• **AIM OF THE TASK**: The job is to output each record exactly as it stands, pictures excluded.

Dataset records:
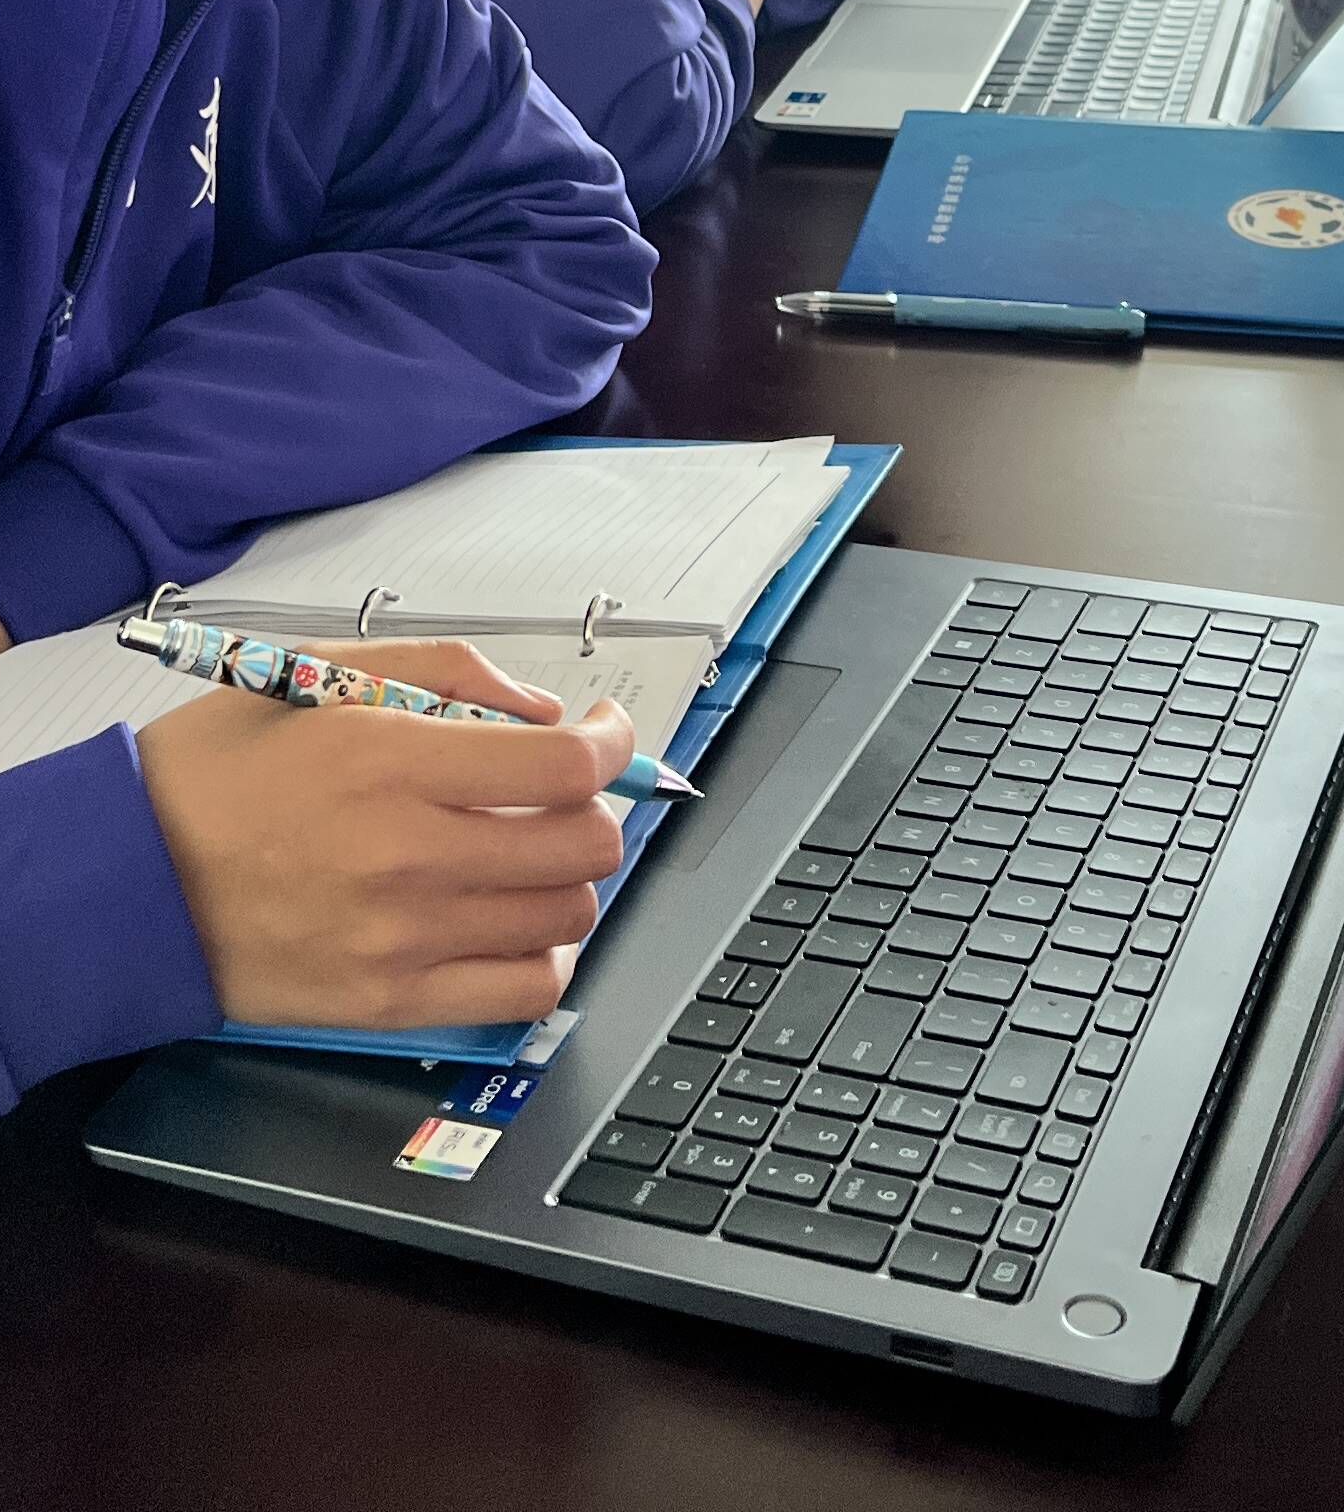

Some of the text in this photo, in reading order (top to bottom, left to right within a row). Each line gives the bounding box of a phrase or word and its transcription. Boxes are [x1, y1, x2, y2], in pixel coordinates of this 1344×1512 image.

[673, 1080, 692, 1091] 0
[840, 1091, 859, 1102] 4
[921, 1107, 941, 1119] 7
[737, 1115, 758, 1126] 2
[818, 1130, 839, 1142] 5
[898, 1147, 919, 1159] 8
[713, 1155, 734, 1167] 3
[794, 1173, 815, 1185] 6
[877, 1189, 898, 1201] 9

• **RESULT FOR THIS TASK**:
Some of the text in this photo, in reading order (top to bottom, left to right within a row). Each line gives the bounding box of a phrase or word and its transcription. Boxes are [x1, y1, x2, y2], in pixel coordinates of this 1344×1512 image.

[673, 1080, 692, 1091] 0
[840, 1091, 859, 1102] 4
[921, 1107, 941, 1119] 7
[737, 1115, 758, 1126] 2
[818, 1130, 839, 1142] 5
[898, 1147, 919, 1159] 8
[713, 1155, 734, 1167] 3
[794, 1173, 815, 1185] 6
[877, 1189, 898, 1201] 9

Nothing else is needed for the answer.